> **Exercise**
Each line of the data is to be output verbatim, with the images removed.

> **Dataset extract**

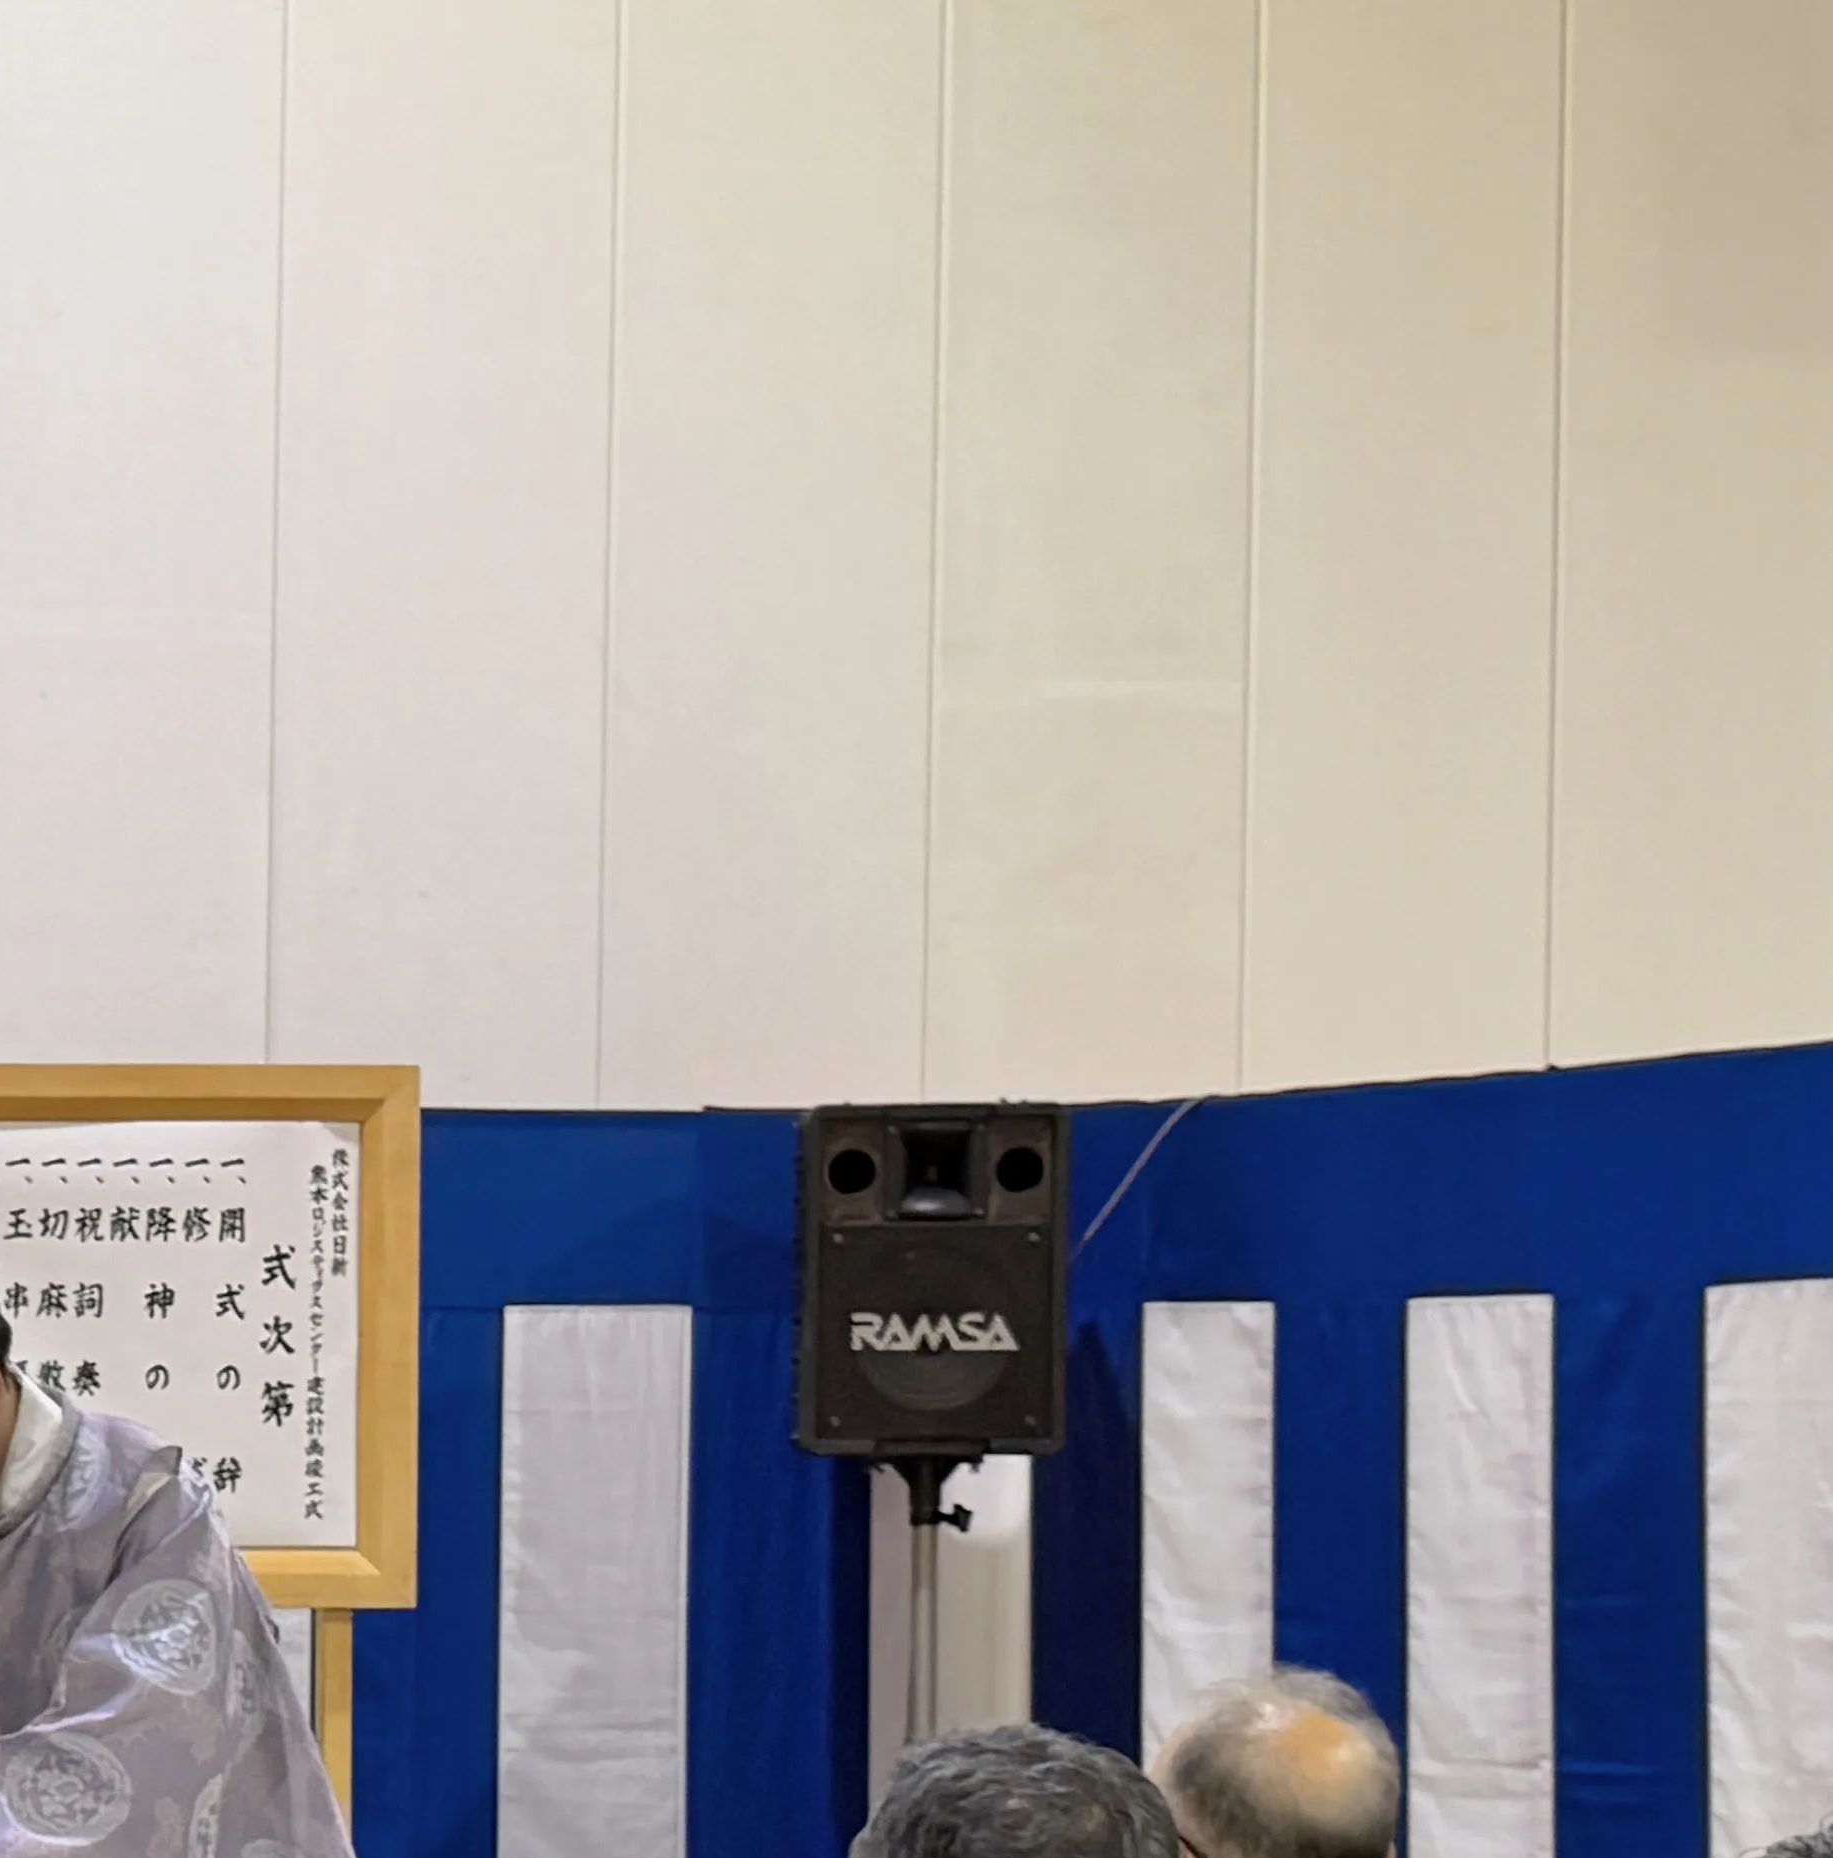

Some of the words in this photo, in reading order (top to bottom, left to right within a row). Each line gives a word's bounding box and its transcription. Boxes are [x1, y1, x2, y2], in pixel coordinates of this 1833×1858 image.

[73, 1157, 106, 1396] 一、祝詞奏
[109, 1157, 141, 1243] 一、献
[144, 1157, 177, 1390] 一、降神の
[261, 1244, 296, 1427] 式次第
[849, 1311, 1020, 1352] RAMSA

> **Problem solution**
Some of the words in this photo, in reading order (top to bottom, left to right within a row). Each line gives a word's bounding box and its transcription. Boxes are [x1, y1, x2, y2], in pixel coordinates of this 1833×1858 image.

[73, 1157, 106, 1396] 一、祝詞奏
[109, 1157, 141, 1243] 一、献
[144, 1157, 177, 1390] 一、降神の
[261, 1244, 296, 1427] 式次第
[849, 1311, 1020, 1352] RAMSA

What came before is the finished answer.